Not all bony fish are teleosts. Teleostei is an infraclass of ray-finned fish (Actinopterygii) with bichirs, sturgeons and gars (some 50 species) all basal to to the more numerous teleosts (some 30,000 species). The phylogeny of bony fishes has been largely resolved by Near et al. (open access).

Alligator gar (Atractosteus spatula) Moon Lake, Mississippi. March 1910, Photographer D. Franklin,
American Museum of Natural History (public domain)

 

Romer's Man and the Vertebrates did not make much of garpikes, but did include a great photo (shown above) of the largest species. My yellowing copy predates the genetic code yet alone genomics.

What we now know is that teleosts are characterized by the Teleost Gene Duplication (TGD). This event was followed by rapid sequence evolution that may explain their success as a group. It can, however, make it difficult to identify orthologs to tetrapod genes and frustrate interpretation of data obtained in zebra fish (Danio rerio). To provide a bridge, Braasch et al. have sequenced and have just published the genome of the spotted gar (open access).

To my knowledge no living species of the gar family is viviparous.

Placenta of the gray four-eyed opossum

The gray four-eyed opossum (Philander opossum) by André de Souza Pereira
Wikipedia Commons CC BY-SA 3.0

The gray four-eyed opossum (Philander opossum) is widely distributed in South and Central America. Its placentation has been described from animals caught on Barro Colorado Island in Panama (here).

Yolk sac of Philander opossum. The sinus terminalis marks the transition
between the avascular and vascular portions.
Courtesy of Dr. Allen C. Enders

As in the Virginia opossum, the yolk sac is comprised of avascular and vascular portions. The avascular part follows the contours of the uterine epithelium (at left in the figure). The vascular portion attaches to it (at right).
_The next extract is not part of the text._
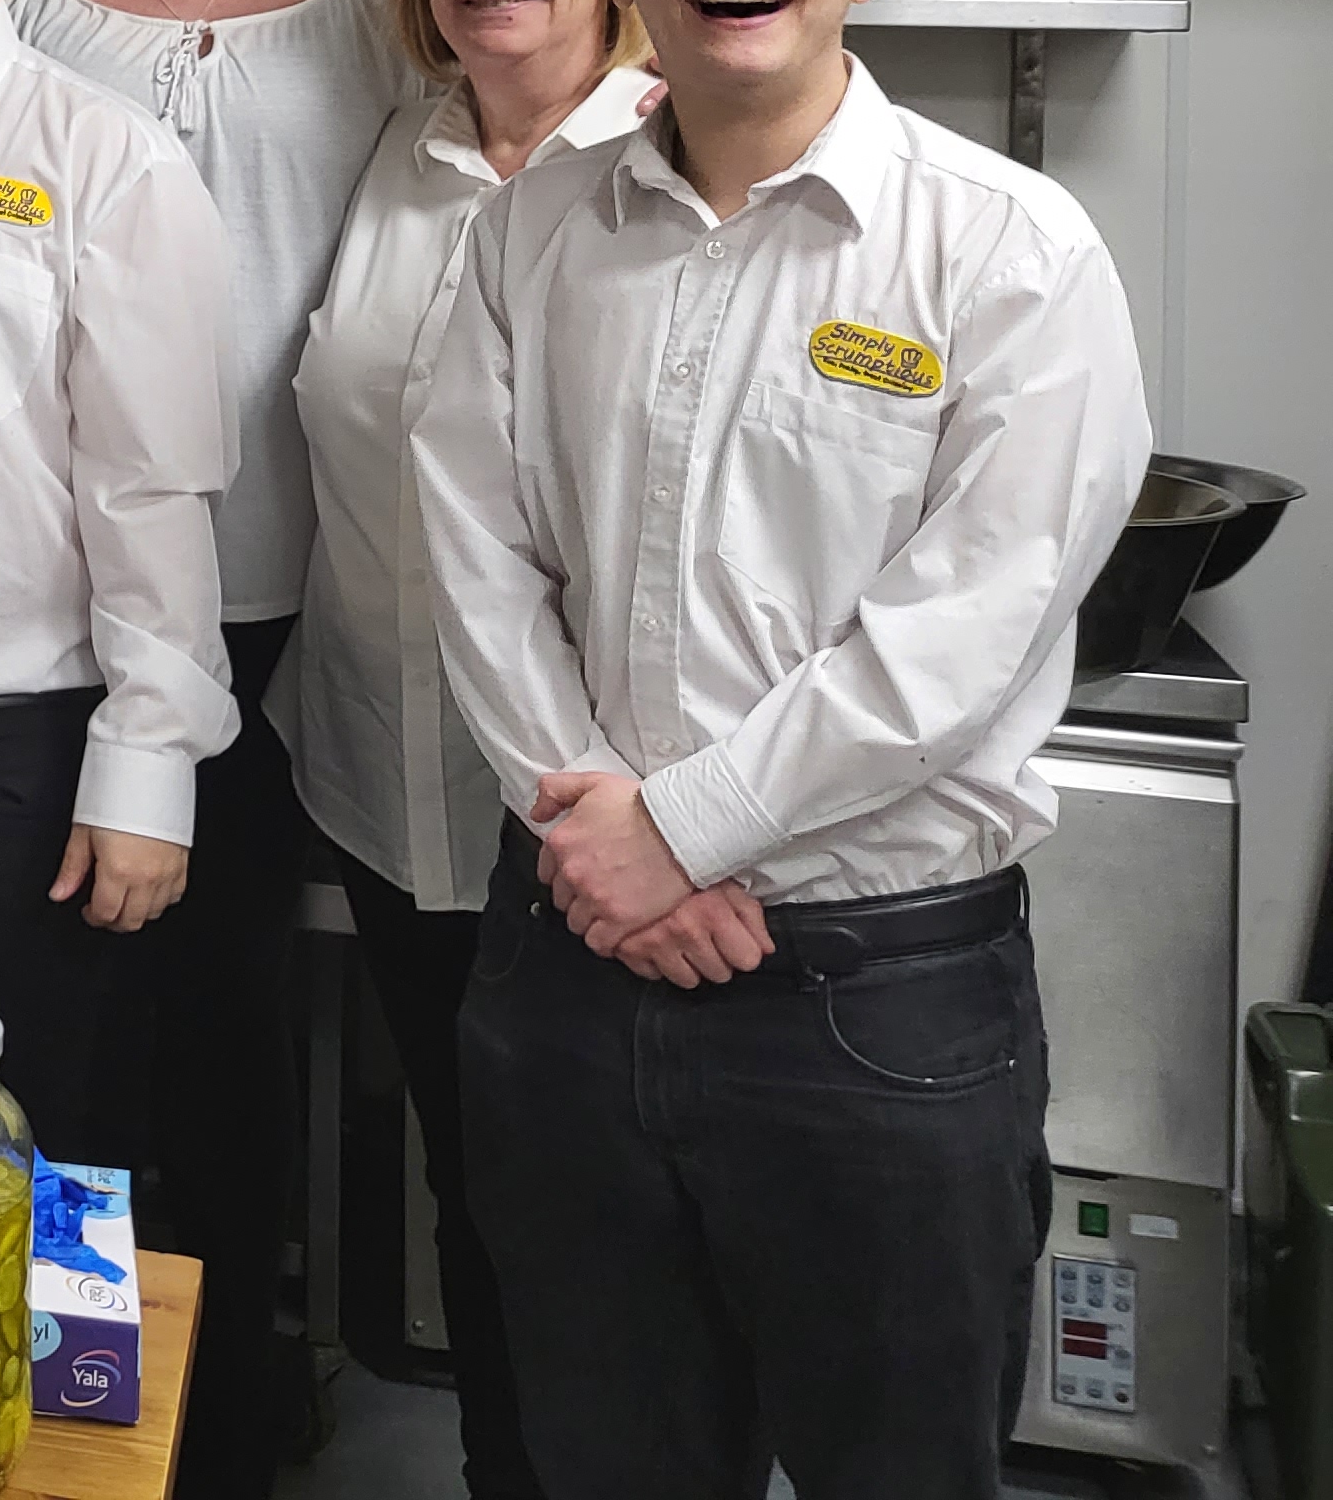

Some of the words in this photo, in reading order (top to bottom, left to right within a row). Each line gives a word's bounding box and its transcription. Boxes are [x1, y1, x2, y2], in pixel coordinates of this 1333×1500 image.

[830, 323, 895, 357] Simply
[813, 336, 934, 387] Scrumptious
[34, 1323, 49, 1343] yl
[72, 1367, 109, 1389] Yala
Semi-thin section of vascular yolk sac (at top) and fold in the uterine
wall (below) in Philander opossum.
Courtesy of Dr. Allen C. Enders

The study of Philander by Enders and Enders was the first to show invasive trophoblast in a marsupial. In the figure there is a fold of uterine wall with intact epithelium at left and right, but this has disappeared at the centre of the fold, which is occupied by large trophoblast cells. Subsequently invasive trophoblast has been described in another opossum (Monodelphis domestica) and in an Australian marsupial (Sminthopsis crassicaudata).
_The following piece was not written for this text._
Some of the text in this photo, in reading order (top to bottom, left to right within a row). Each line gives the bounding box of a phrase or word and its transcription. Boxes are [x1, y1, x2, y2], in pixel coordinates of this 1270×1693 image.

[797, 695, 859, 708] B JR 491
Photomontage of a section through one uterus of Philander opossum.
The two fetuses share a common yolk sac, but each has its own
allantoic sac one of which can be seen.
Courtesy of Dr. Allen C. Enders

An unusual feature in Philander is that two or more fetuses share a common yolk sac. However, each has its own allantoic sac. The allantois never makes contact with the trophoblast (it remains within the small exocoelom). It may serve as a receptacle for urine secreted by the mesonephros.